Segment Start: Records provided

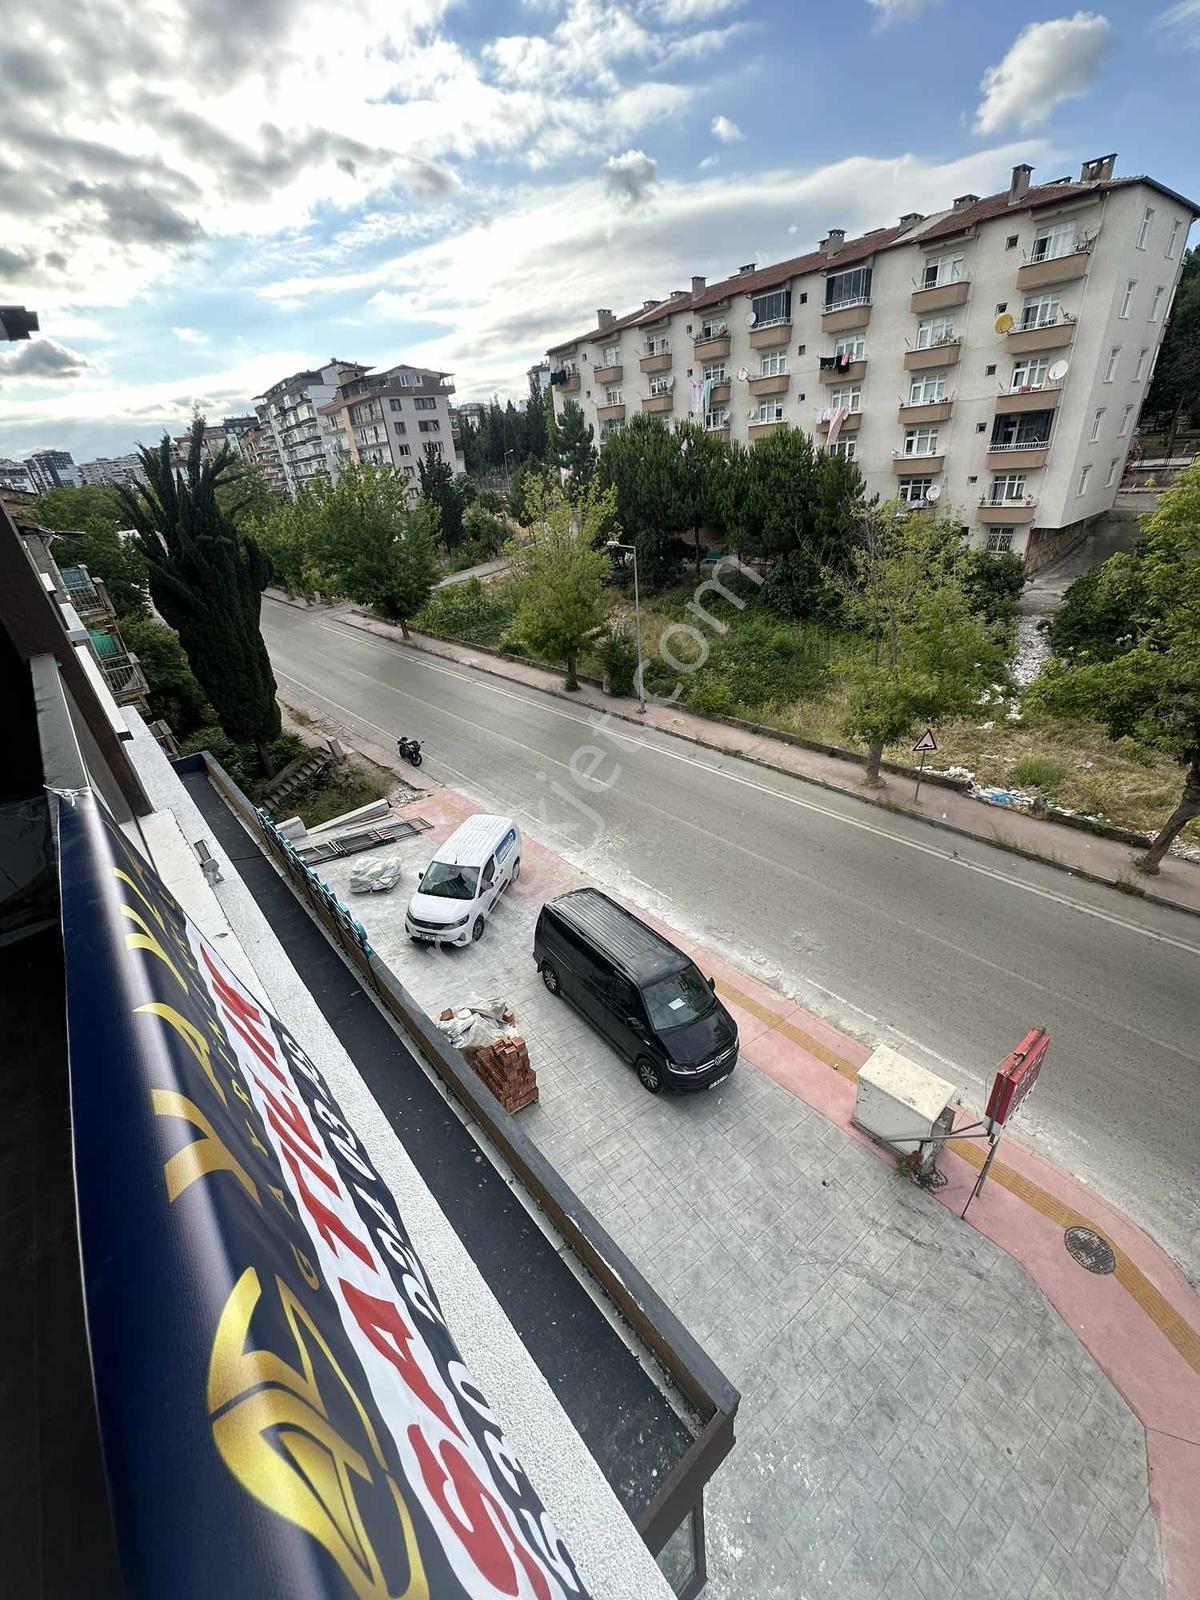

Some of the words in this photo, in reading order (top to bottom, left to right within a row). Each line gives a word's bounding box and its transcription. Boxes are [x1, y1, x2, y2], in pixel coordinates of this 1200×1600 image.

[314, 1099, 376, 1180] 03
[200, 942, 552, 1600] SATILIK
[353, 1182, 447, 1329] 224
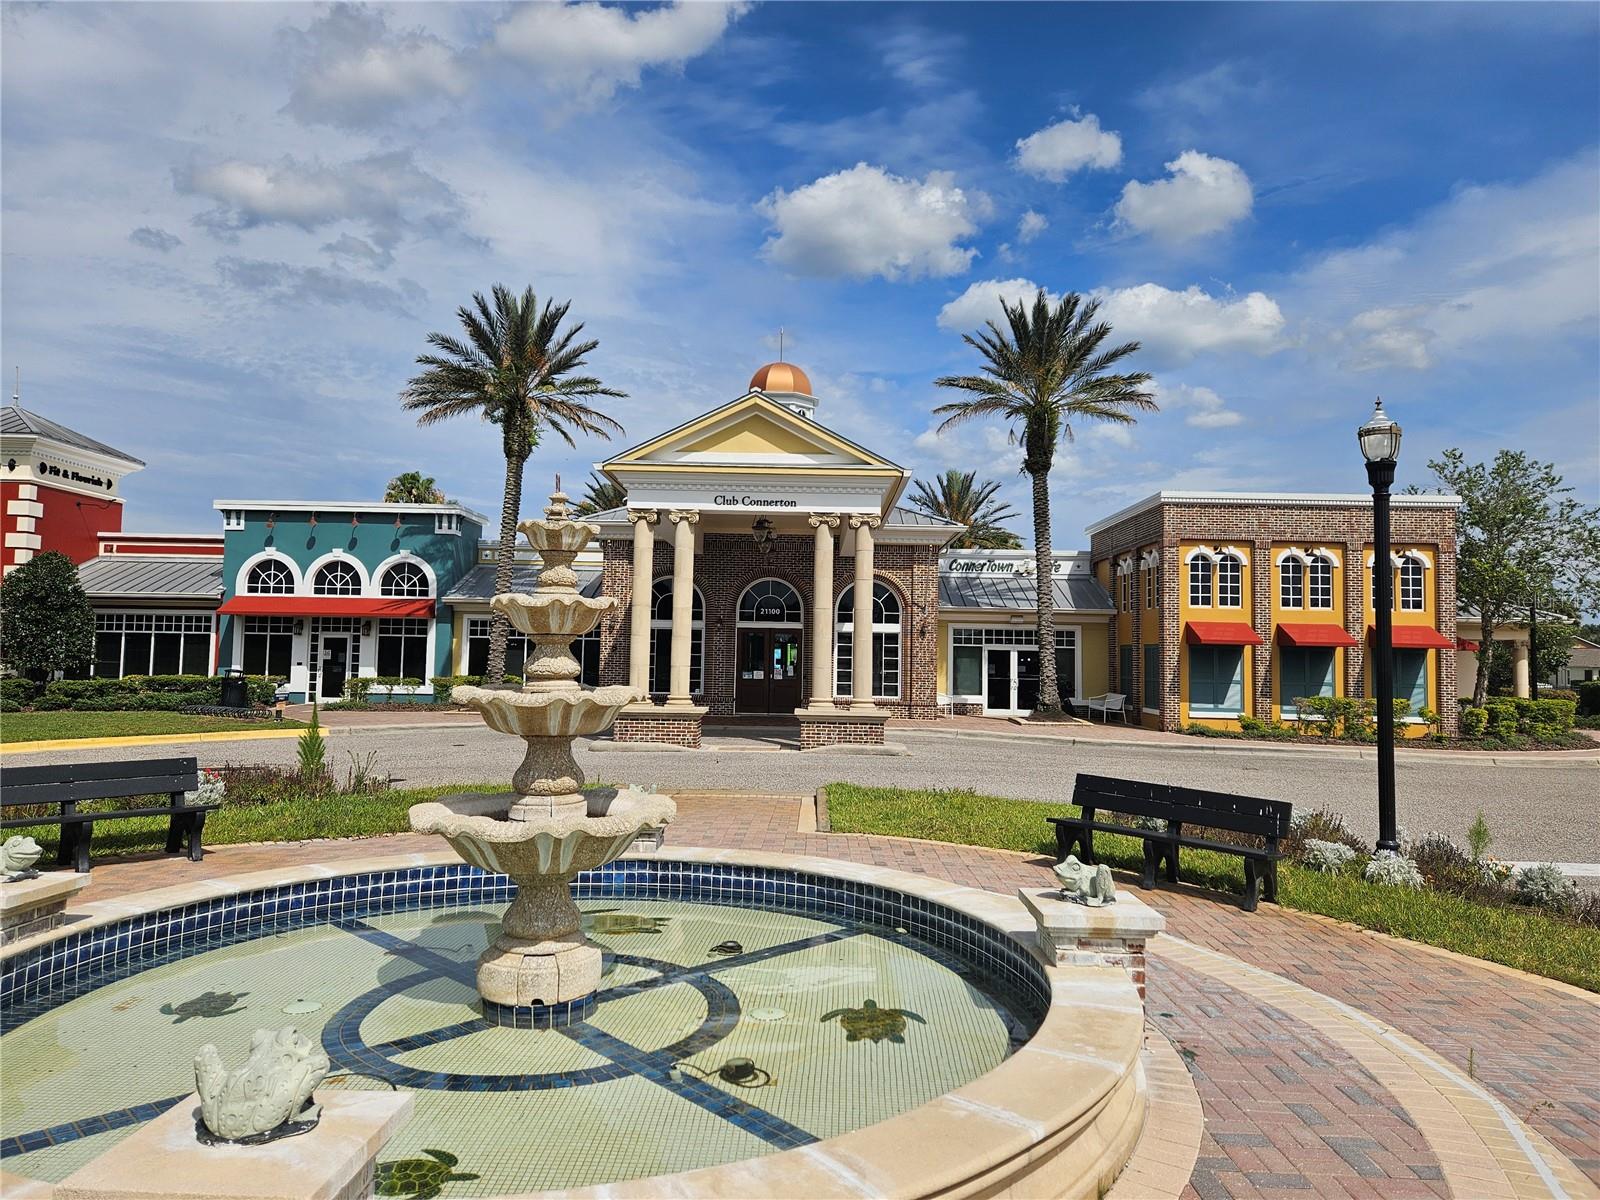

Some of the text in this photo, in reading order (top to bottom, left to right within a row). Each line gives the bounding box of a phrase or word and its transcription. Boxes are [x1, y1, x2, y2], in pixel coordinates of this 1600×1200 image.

[49, 466, 61, 477] Fit
[62, 470, 70, 480] &
[714, 496, 797, 507] Club Connerton
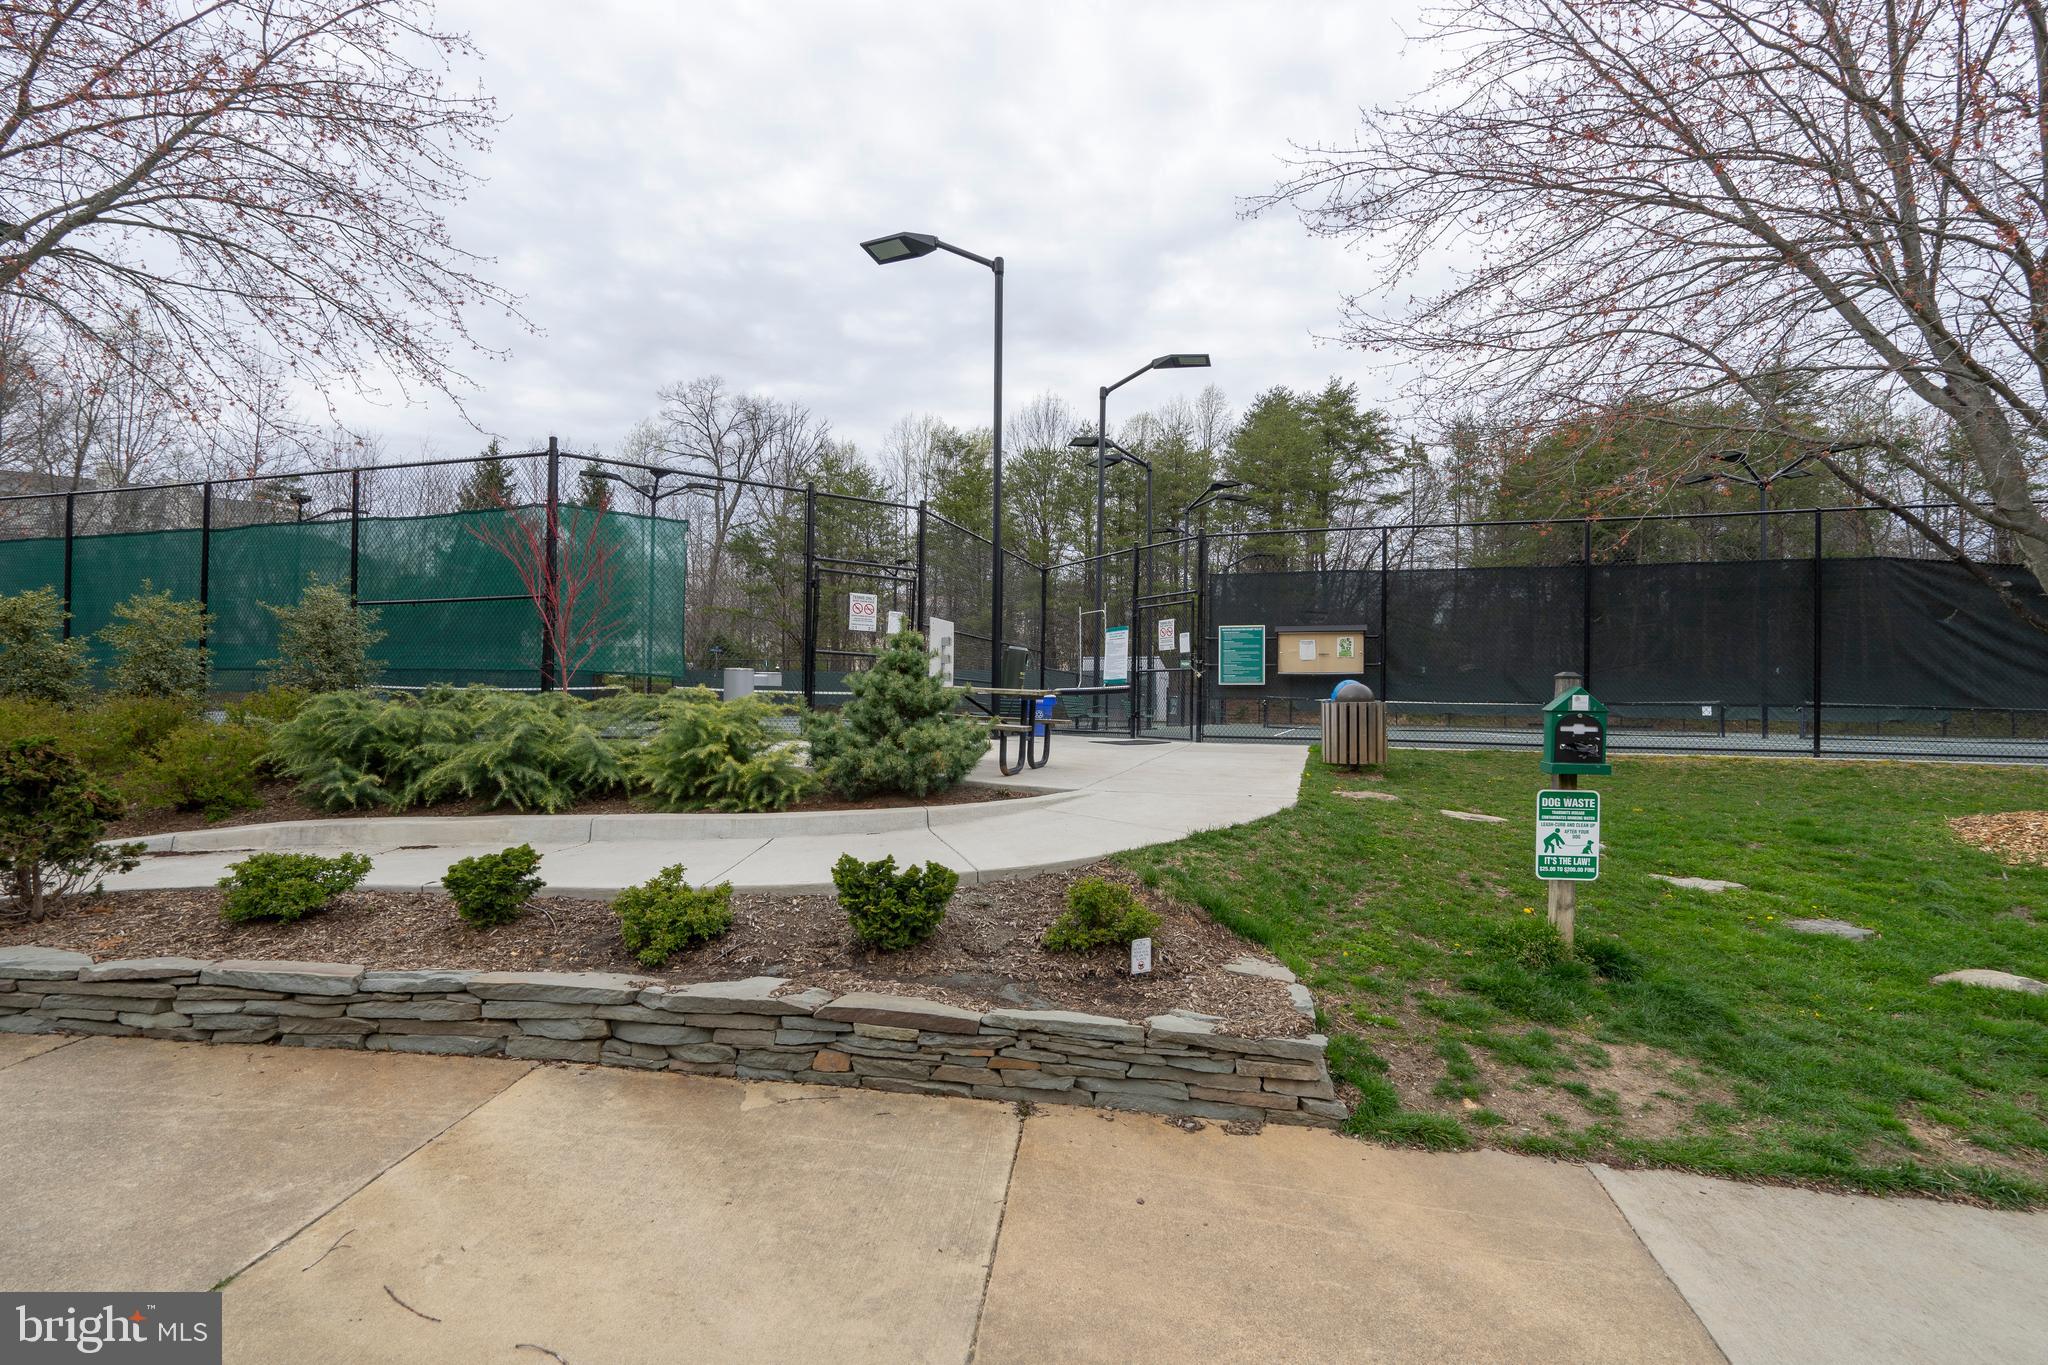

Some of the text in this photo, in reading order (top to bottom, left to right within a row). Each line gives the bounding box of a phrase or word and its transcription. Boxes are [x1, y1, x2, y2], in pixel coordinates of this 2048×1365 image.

[1541, 797, 1596, 808] DOG WASTE
[1544, 856, 1591, 866] IT'S THE LAW!

Segment End: Records provided

▸ **Directions for this task**
Return the data above unchanged. Pictures are not part of the copy.

▸ **Solution to the problem**
Some of the words in this photo, in reading order (top to bottom, left to right within a row). Each line gives a word's bounding box and its transcription. Boxes are [x1, y1, x2, y2], in pixel coordinates of this 1200×1600 image.

[314, 1099, 376, 1180] 03
[200, 942, 552, 1600] SATILIK
[353, 1182, 447, 1329] 224

Some of the text in this photo, in reading order (top to bottom, left to right within a row). Each line gives the bounding box of a phrase or word and its transcription. Boxes are [x1, y1, x2, y2], in pixel coordinates of this 1600×1200 image.

[49, 466, 61, 477] Fit
[62, 470, 70, 480] &
[714, 496, 797, 507] Club Connerton

Some of the text in this photo, in reading order (top to bottom, left to right within a row). Each line gives the bounding box of a phrase or word and its transcription. Boxes are [x1, y1, x2, y2], in pixel coordinates of this 2048×1365 image.

[1541, 797, 1596, 808] DOG WASTE
[1544, 856, 1591, 866] IT'S THE LAW!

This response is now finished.